Well maybe it is you…It doesn’t seem to take very long for organizations to become dissatisfied with their WFM solution. On the surface, I think a lot of retailers assume that they have outgrown their solution because their business has evolved more quickly than the technology. In some cases, I’m sure this is part of the problem, but I think more commonly the seeds of dissatisfaction are sown early on in the project, and only come to light once the project moves into sustainment. I’d like to explore the root cause of that dissatisfaction and offer up a potential remedy for organizations who find themselves in this unfortunate situation. Below are two of the most common causes of dissatisfaction with WFM systems. While there are others, these two and their variants account for a great deal of organization discontent.
Strategic Disconnect
I had an interesting conversation recently with a fellow consultant that illustrated to me some of the common problems and misperceptions of WFM systems post go-live. During the conversation we discussed the disconnect between the strategic vision that WFM steering committee is working towards, and the day to day work of the project team.
The disconnect occurs when the strategic vision stops at the business case, and fails to deliver a blueprint of how the organization will work differently with new tools and processes. This often leaves an under supported team required to sustain the implementation. The team struggles to keep up with the week in and week out tasks of using the WFM system to manage the workforce and never gets beyond the basics. They fight fires and create work-arounds to perceived system issues because there is little time to explore issues more thoroughly. Under these circumstances it’s easy to see how a WFM system can feel like a burden rather than an asset.
It’s not too late to reset the strategy. The important piece to this is executive sponsorship of sufficient authority and visibility to drive the change of behaviour and the support for a new way of operating. As the strategy moves through the organization it needs to impact everything that touches the workforce, and quite frankly that’s a lot. Things that make a tangible impact on the employee experience need to be aligned with a larger WFM strategy. Business processes, policies, roles and accountabilities need to be dusted off, and aligned to the new way of doing things.
This sort of strategic rebuild will raise organizational awareness and develop buy in to what behaviours are expected. It will also reduce a great deal of firefighting that is the by-product of ambiguous policy or process or both, freeing up the support team to concentrate on higher value opportunities.
Garbage In Garbage Out
This might be the most common trap in WFM implementations and I know why it happens. Typically the first time an organization implements a WFM system, they are automating and centralizing a scheduling process that exists in the brains of hundreds of store managers. The important part of this process that is lost in translation is how to define the store labor model. Consolidating that tribal knowledge into a WFM system without a clear vision leads to a lot of ‘playing’ within the system. Some employee groups appear too hard to schedule. Managers are conspicuously exempt from WFM forecasting and scheduling followed by certain tasking and merchandising roles. In an effort to generate a schedule that aligns to a manager’s expectations, every dial is turned and tweaked often store by store, until one of the core benefits of a WFM system – generating accurate equitable schedules that best position employees to serve customers – is lost.
So what does that clear vision look like?
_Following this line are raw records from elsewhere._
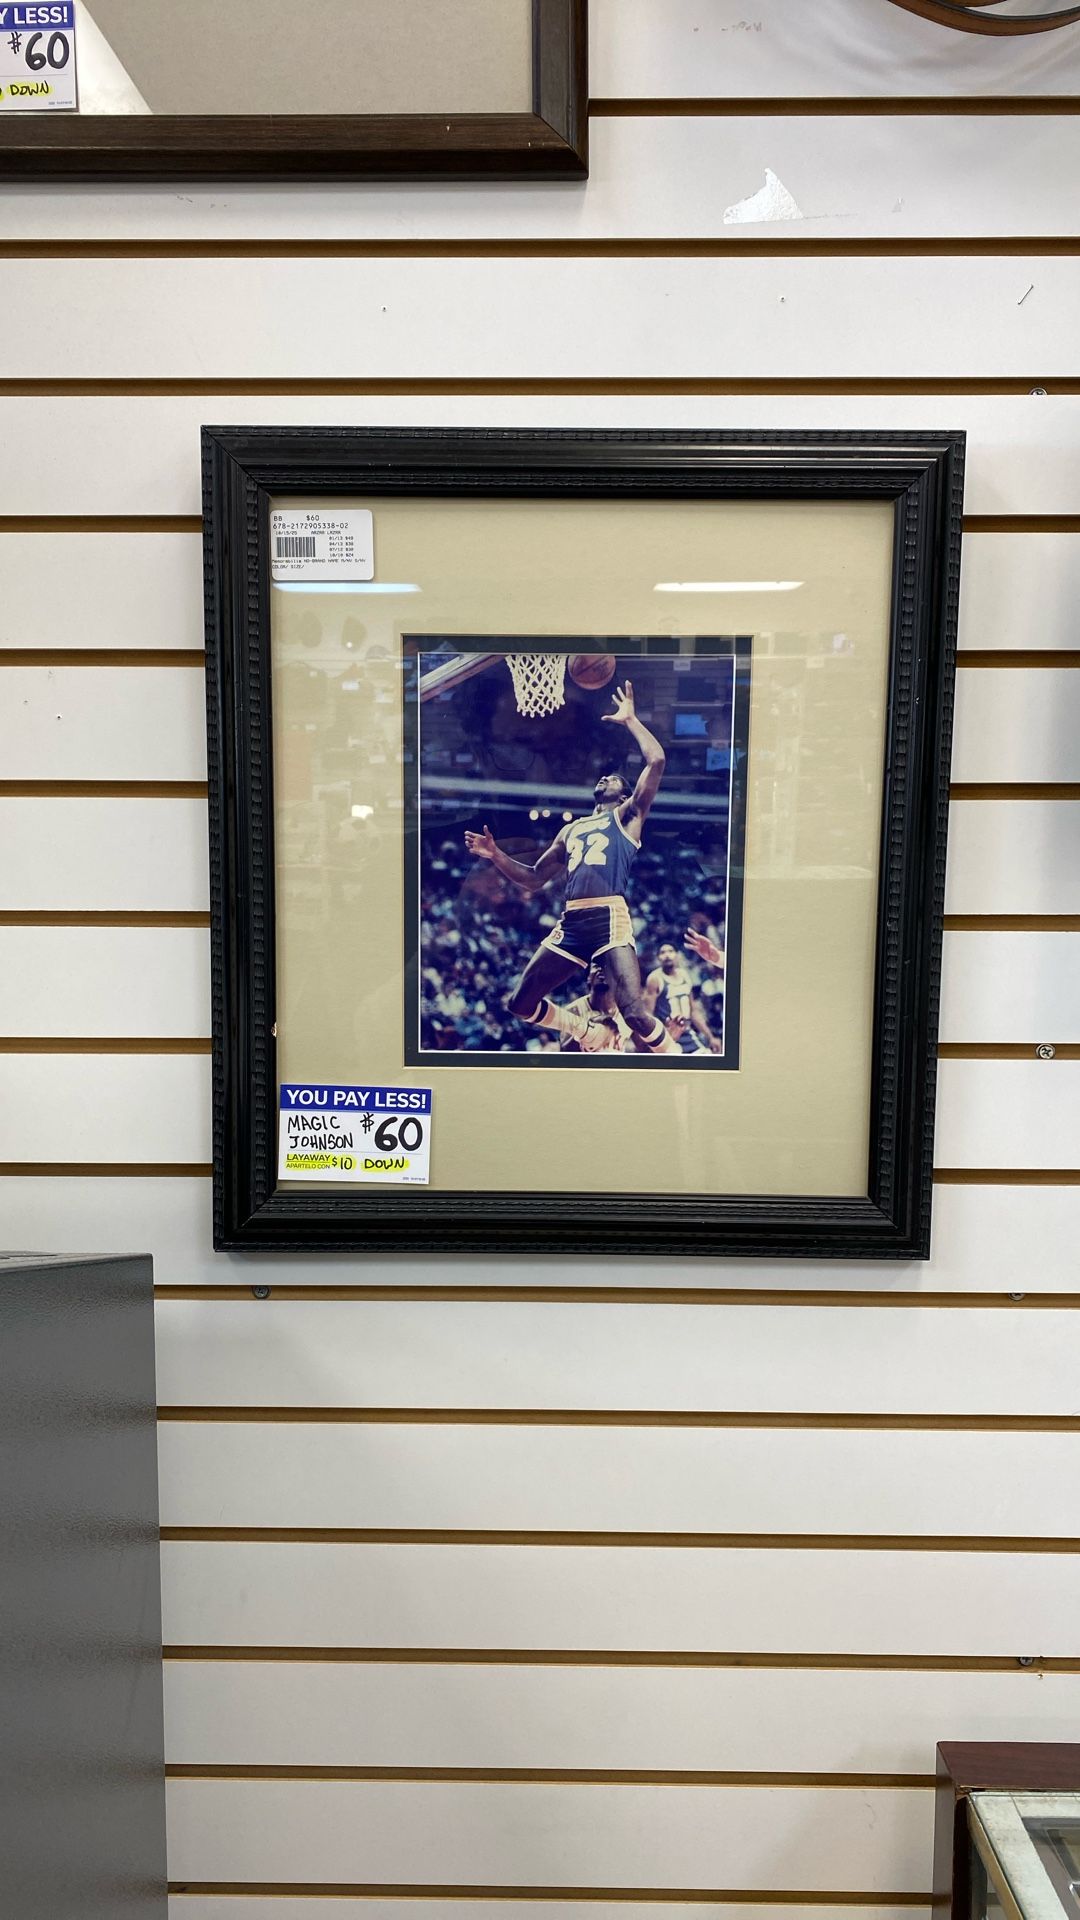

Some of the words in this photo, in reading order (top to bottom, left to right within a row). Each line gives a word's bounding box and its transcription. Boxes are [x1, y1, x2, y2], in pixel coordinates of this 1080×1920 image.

[14, 6, 68, 24] LESS!
[10, 80, 49, 95] DOWN
[272, 522, 349, 530] 678-2172905338-02
[287, 1089, 328, 1105] YOU
[333, 1090, 370, 1107] PAY
[375, 1092, 426, 1109] LESS!
[287, 1114, 340, 1133] MAGIC
[289, 1132, 353, 1150] JOHNSON
[364, 1156, 405, 1170] DOWN
First stores should be clustered together by common attributes to create store profiles. This could look like a store format, volume bands or other definable attributes. This can be managed by spreadsheets and data bases, but there are robust solutions that greatly simplify this process. Secondly, the labor model needs to be broken down into its component parts and measured in order to translate each service element or task into the WFM system. Lastly, the appropriate data drivers need to be pointed at the labor standards that are the building blocks of the labor model to produce a forecast and schedule.
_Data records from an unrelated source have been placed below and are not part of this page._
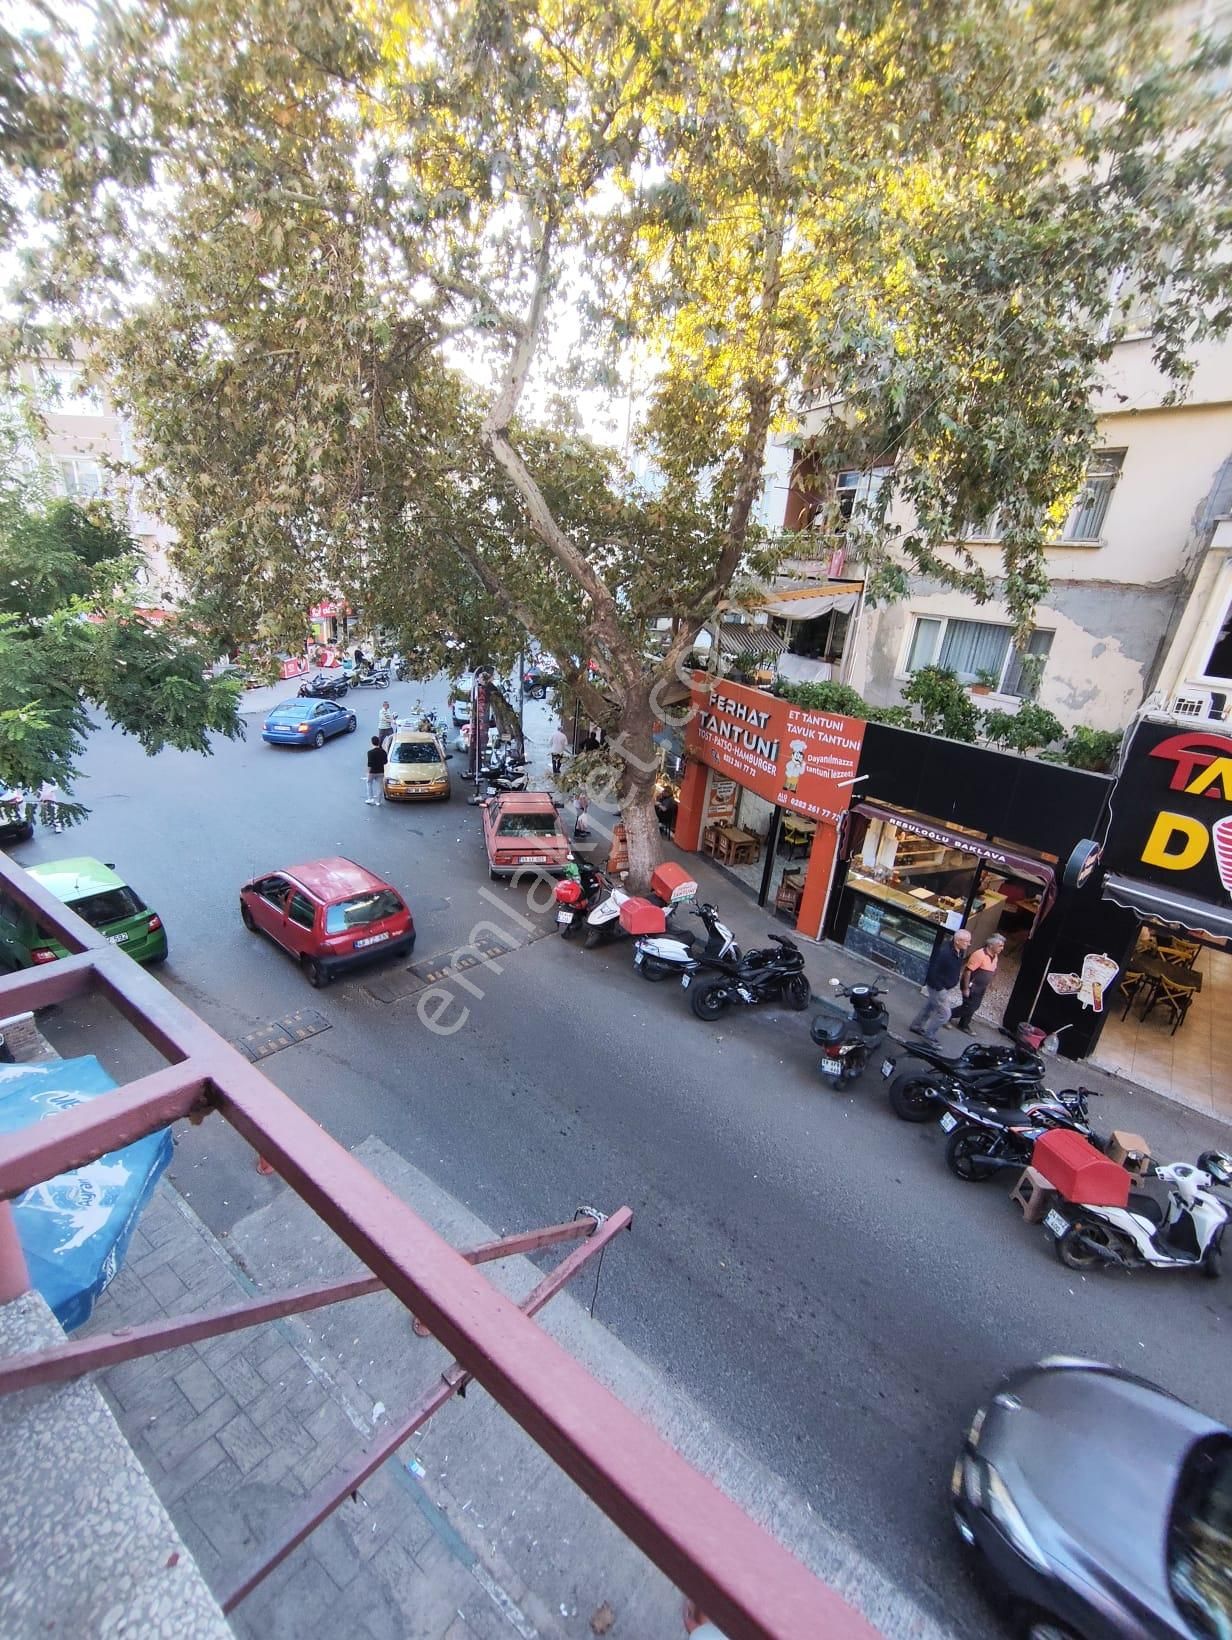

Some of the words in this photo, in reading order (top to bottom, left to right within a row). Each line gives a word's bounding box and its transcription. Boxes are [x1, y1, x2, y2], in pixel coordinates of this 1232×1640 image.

[709, 693, 769, 728] FERHAT
[789, 710, 800, 721] ET
[802, 713, 844, 731] TANTUNİ
[699, 710, 779, 762] TANTUNİ
[787, 723, 816, 739] TAVUK
[818, 732, 861, 751] TANTUNİ
[954, 841, 1006, 862] BAKLAVA
Ideally this blueprint would have been followed during implementation, but there is no time like the present. Pull together a task force that can capture all of the services and tasks that make up the labor model, and then explore the engineering tools and methods available to retailers to measure each element. All of the best of breed WFM solutions can absorb labor standards to one degree or the other, and once an organization sees how an accurately defined labor model fed by appropriate drivers impacts store forecasts and schedules the importance on maintaining and refreshing them becomes obvious.
A variant that sits in between Strategic Disconnect and Garbage in Garbage out is overly fussy or poorly thought through system configuration. This typically happens because policies and business processes are poorly defined and there is no imperative within the project to look at them differently. There are also no eyes on the road ahead to ensure the configuration can reasonably stand the test of time. The result is these poorly defined processes become grandfathered into the WFM configuration generating future pain points and sucking up energy with work arounds and firefighting.
As with the problem, the solution also sits in the middle of the two outcomes above. A strategic vision that drives a review and revision of the status quo coupled with the ability to breakdown the labor model and define it accurately and translate it into a WFM system. Organizations contemplating an upgrade to the latest version of their WFM system, should jump at the opportunity to look at their business critically and break out of the status quo.